58 brave souls. 58 extraordinary corsets and costumes. I’m blown away all over again.

This year’s Foundations Revealed Competition is going to be our biggest ever. Makers at all skill levels, from beginners right up to highly advanced craftspeople, have submitted their work. From March 1st, when all the entries are unveiled, they will be JUDGED ON THE INTERNET FOR HEAVEN’S SAKE by both our voting members and the general public (who will be able to comment.)

What does it take to find that kind of bravery?

oOo

It was built up for about eight hours beforehand, and then it was over in five seconds. In an unremarkable parking lot in London one night in 2006, I got to feel real, visceral bravery for a brief moment. Barefoot in the dark, in a crowd of twelve thousand people, I walked on hot coals like some magical witch doctor or stage magician.

It was an event designed to enable you to face your fears, and at its centre, the firewalk was a symbol of overcoming anything that could possibly hold you back. If you can walk across hot coals, you can do anything, right?

It was not just scary, it seemed totally bonkers. To walk across hot coals without burning your feet is a skill for which, sure, you can Google a rational scientific explanation. But in a dark London car park, lost in a crowd of crazy chanting nutcases on a September night, all the rational scientific explanations in the world won’t stop an ominously glowing patch of RED HOT COALS in the distance from looking like a spectacularly bad venue for a stroll.

And then the crowd parted, and the way opened up in front of me. Multiple other ten-foot tracks of hot coals were being raked over either side of the one directly in front of me, and I was standing on a patch of grass, the whole front of my body warm where the heat was radiating from the fire. Some guy was shouting in my ear, reminding me how to do this crazy sh*t. What exactly to do before I began walking; how to walk; what to shout out as loud as I could whilst walking; and what to do at the other end.

GO GO GO!!

And with crowds of people behind me and no going back, there was only one way out of this. Like clockwork I stomped through every instruction I’d been trained for all day without letting my rational mind in.
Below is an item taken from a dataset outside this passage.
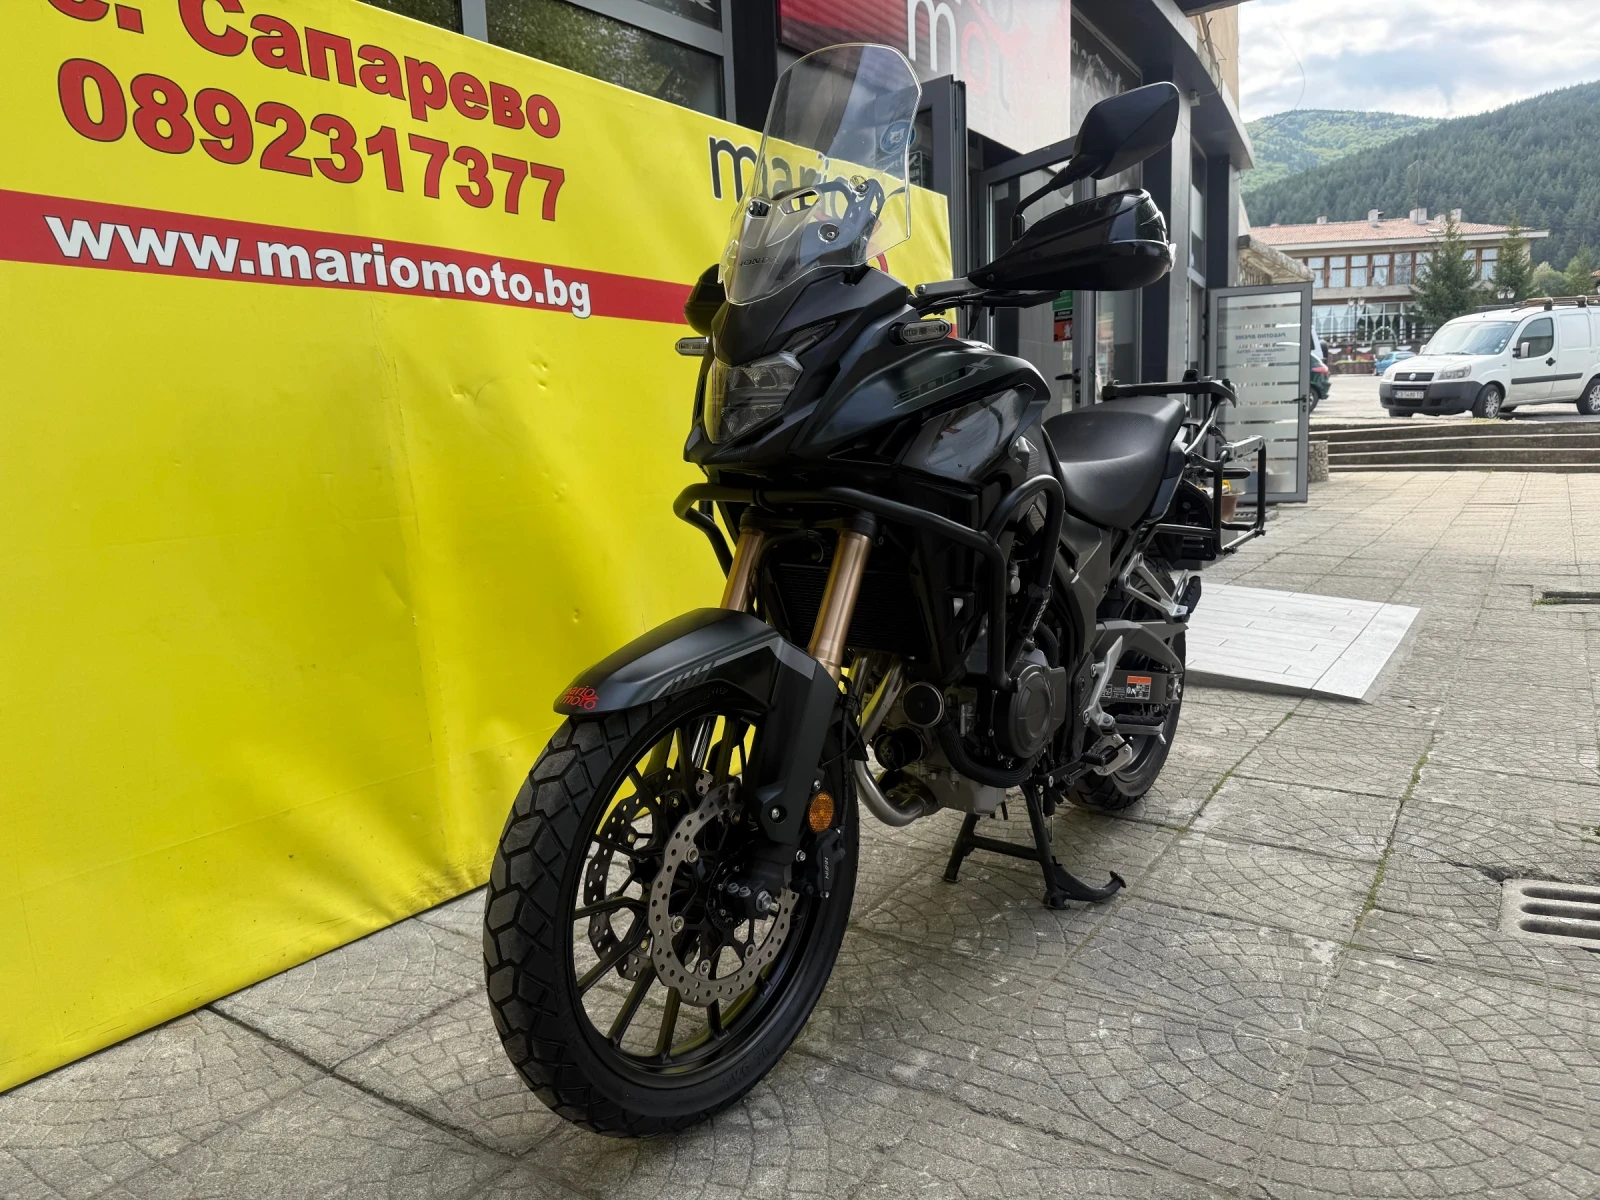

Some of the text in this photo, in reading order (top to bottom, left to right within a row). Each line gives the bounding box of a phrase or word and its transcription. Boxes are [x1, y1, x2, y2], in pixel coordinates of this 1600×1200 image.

[178, 0, 561, 139] Сапарево
[57, 58, 565, 222] 0892317377
[43, 215, 592, 319] www.mariomoto.bg
One foot and then the other made solid footprints on glowing ground, boom-boom-boom, one helper on either side holding my hands, and at the other end, a second guy caught me and stopped me to wipe my feet, ensuring that I wouldn’t take any hot and burny souvenirs with me. Hugs and high fives all around, and it was over, just like that… and I looked back at the fire, and I kind of wanted to do it again.

I didn’t feel a thing… except a huge vacuum in my brain. A huge, gaping, “wtf just happened?” space appeared. If I can do that, then what else can I do?

 

Vintage style wedding gown by Cathy Hay, (c) 2005

 

Now, nobody entering the FR Contest has to walk on hot coals, but it kind of feels like a similar experience for some. Scary-exciting. The thought is exhilarating, and yet at the same time, why the heck would you put yourself through that? The answer, for me, is to try to give people a little bit of what I got from that firewalk…. the firewalk that came ten months before I started a business, three years before I made an impossible Worth gown, five years before I went to Haiti. Every crazy, courageous thing I’ve done can be traced back to the way I changed that night. Nothing could stop me any more. And I want that for every creative person like me.

So what made me able to walk on hot coals, and what makes our entrants able to enter the Competition, and what do you need to be brave in your next leap of faith?

  • Good instructions. Get good advice. Find out from others who’ve been there how to do what you want to do, so that you can succeed without re-inventing the wheel. Our Members get that from the FR archive and mentorship, but there are lots of places where you can learn about whatever it is you want to do.
  • Community can give you support, encouragement and the best kind of positive peer pressure. They won’t let you give up on yourself. Our community has become a rich well of love and support during this year’s competition, but this isn’t a sales pitch for Foundations Revealed; you can find supportive community in all sorts of places, online and off.
  • Focussing on the end goal. I wasn’t looking at the coals. My head was up, looking ahead at the guy who was going to help me wipe my feet. Keep your head up, and stay excited about how cool the end result will be.
  • No going back. Declare what you’re doing publicly. Give yourself no way out.
  • A willingness to sail uncharted territory. The best adventures stretch you to places you’ve never been before. I’ve been so proud of the way the Competition has become synonymous with living dangerously by trying totally new techniques and materials. You grow by leaving your comfort zone behind.

I have now done that firewalk three times, and correspondingly, many of our competition entrants come back year after year. I like to think that the act of taking part has made them braver, and so this post is dedicated to them, the bravest souls in sewing, for their belief, their commitment, their love for each other as they’ve encouraged each other all year, and most of all, for their creative bravery.

What brave act will you commit to today?